Heat stress is an environmental factor that causes oxidative stress. We found previously that acute heat stress stimulates the production of reactive oxygen species (ROS) in the skeletal muscle mitochondria of birds, and that this was accompanied by an increase of the mitochondrial membrane potential (Delta Psi) due to increased substrate oxidation by the electron transport chain. We also showed that avian uncoupling protein (avUCP) expression is decreased by the heat exposure. The present study clarifies whether Delta Psi is a major determinant of the overproduction of ROS due to acute heat stress, and if the decrease in avUCP expression is responsible for the elevation in Delta Psi. Control (24 degrees C) and acute heat-stressed (34 degrees C for 12 h) birds exhibited increased succinate-driven mitochondrial ROS production as indicated by an elevation of Delta Psi, with this increase being significantly higher in the heat-stressed group compared with the control group. In glutamate/malate-energized mitochondria, no difference in the ROS production between the groups was observed, though the mitochondrial Delta Psi was significantly higher in the heat-stressed groups compared with the control group.

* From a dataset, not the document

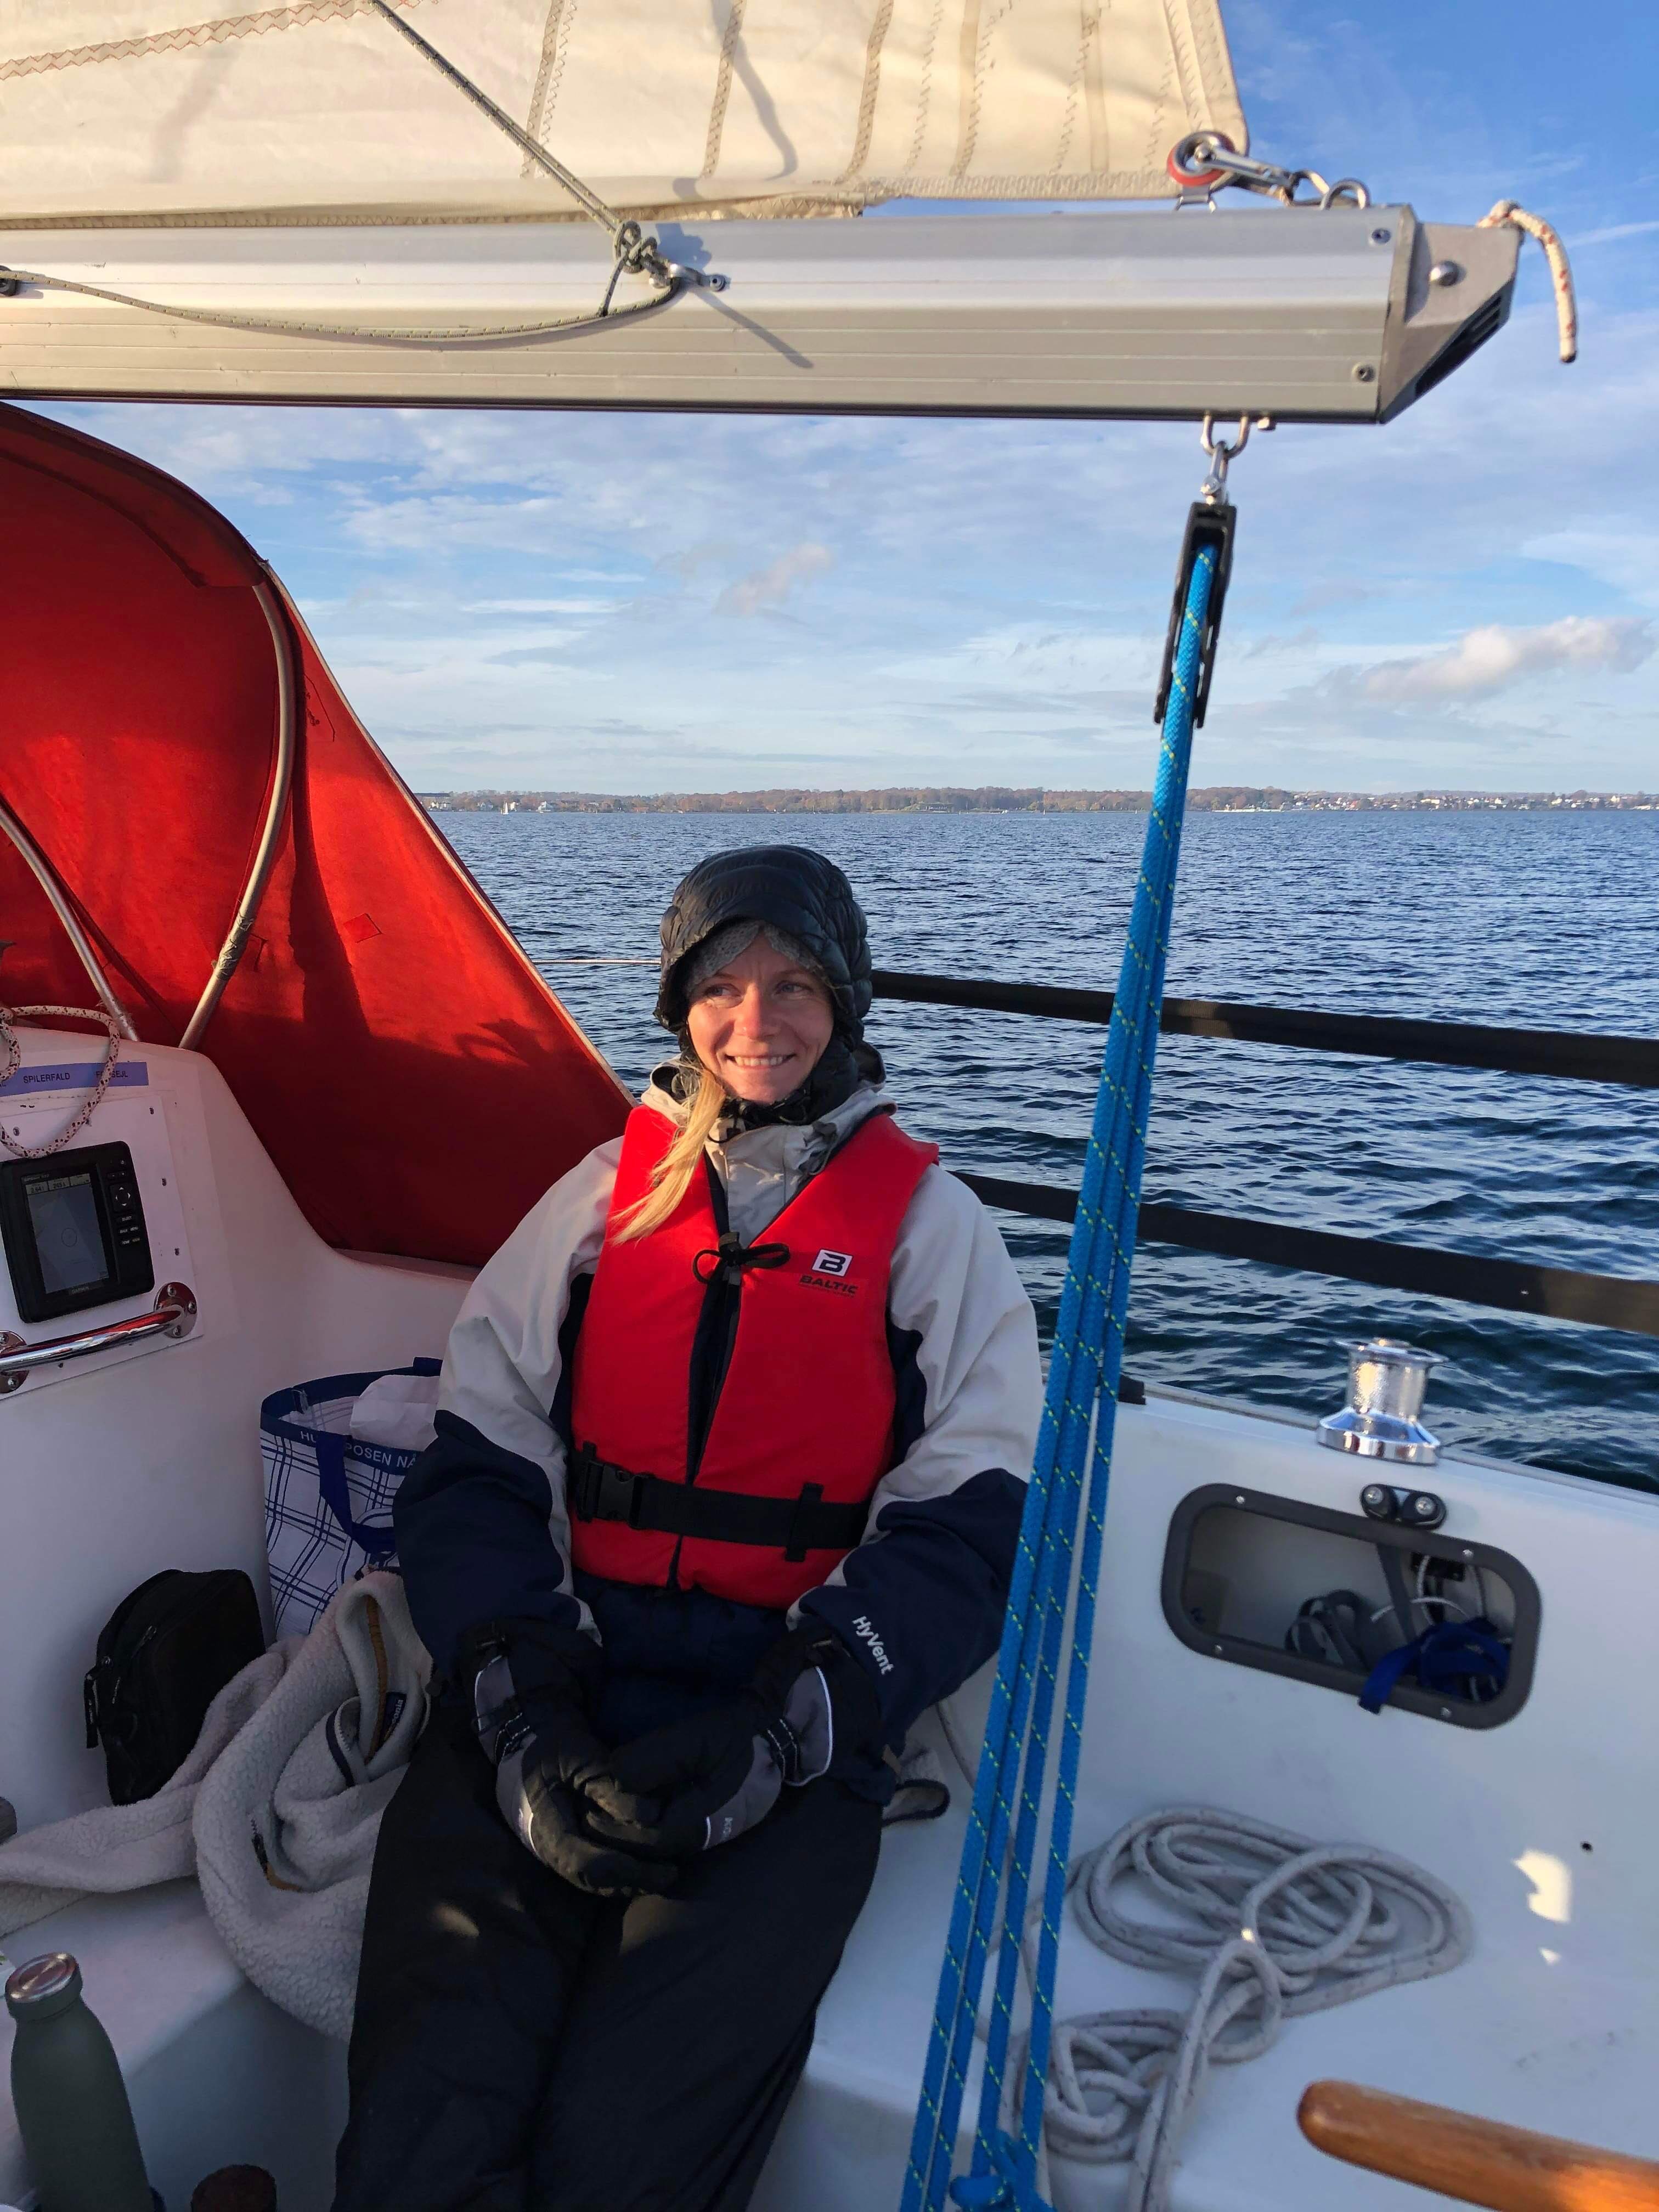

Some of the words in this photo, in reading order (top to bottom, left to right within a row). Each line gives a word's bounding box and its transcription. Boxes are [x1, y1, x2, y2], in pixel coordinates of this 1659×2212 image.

Furthermore, mitochondria energized with either succinate/glutamate or succinate/malate showed increased ROS production and Delta Psi in the heat-stressed group compared with mitochondria from the control group. These results suggest that succinate oxidation could play an important role in the heat stress-induced overproduction of mitochondrial ROS in skeletal muscle. In agreement with the notion of a decrease in avUCP expression in response to heat stress, proton leak, which was likely mediated by UCP (that part which is GDP-inhibited and arachidonic acid-sensitive), was reduced in the heat-exposed group. We suggest that the acute heat stress-induced overproduction of mitochondrial ROS may depend on Delta Psi, which may in turn result not only from increased substrate oxidation but also from a decrease in the mitochondrial avUCP content.